All you need to do is slide the Pear 2.0 into your Macbook and follow the instructions. Image: TarDisk

Without much work, I doubled my MacBook's internal storage, going from 256GB to 512GB. TarDisk CEO Pierce Schiller says my experience is proof of the work that TarDisk has done, reducing the installation process from 11 steps to 8 steps, and lowering the number of restarts from as many as 4 to as few as 2.

Schiller told me that roughly 95 percent of first-time users of the original Pear were successful, but after "answering hundreds of customer support requests" himself, he believed the process could be simplified. Cutting down on the number of steps and restarts may make Schiller's prediction of an even higher success rate come true.

After the Pear 2.0 is installed, your hard drive expands and its icon is given a gold hue.

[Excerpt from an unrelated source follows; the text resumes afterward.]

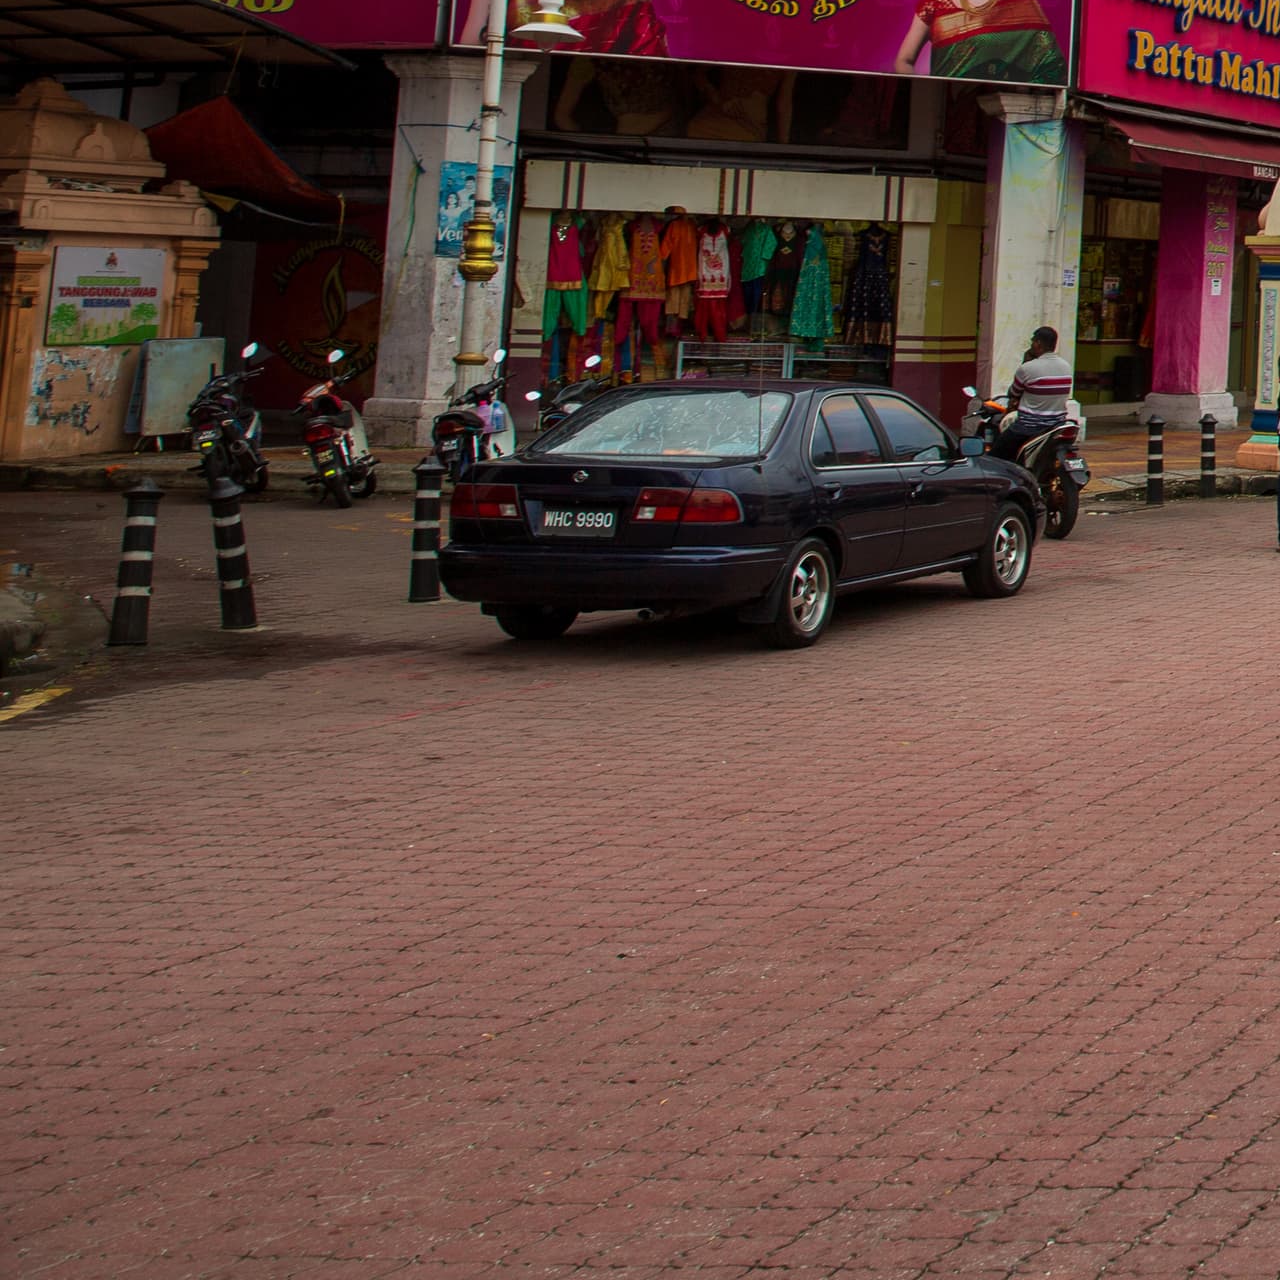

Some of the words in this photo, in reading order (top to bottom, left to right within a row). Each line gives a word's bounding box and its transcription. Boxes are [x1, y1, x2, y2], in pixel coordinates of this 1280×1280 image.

[1130, 28, 1215, 87] Pattu
[543, 510, 574, 528] WHC
[575, 511, 614, 529] 9990

TarDisk's cloud backup service, available today, will copy the entire contents of your newly roomier drive to the company's servers for $5 per month or $50 per year. The service is free for the first 14 days, and the goal of the plan is to make users feel more comfortable with modifying their MacBooks, even in this easy way.

Users should know that the Pear is meant to be installed permanently, and not used as a plug-and-play device. If you need to un-Pear it, you'll need the backup copy of your drive that you were instructed to make during the Pear's installation.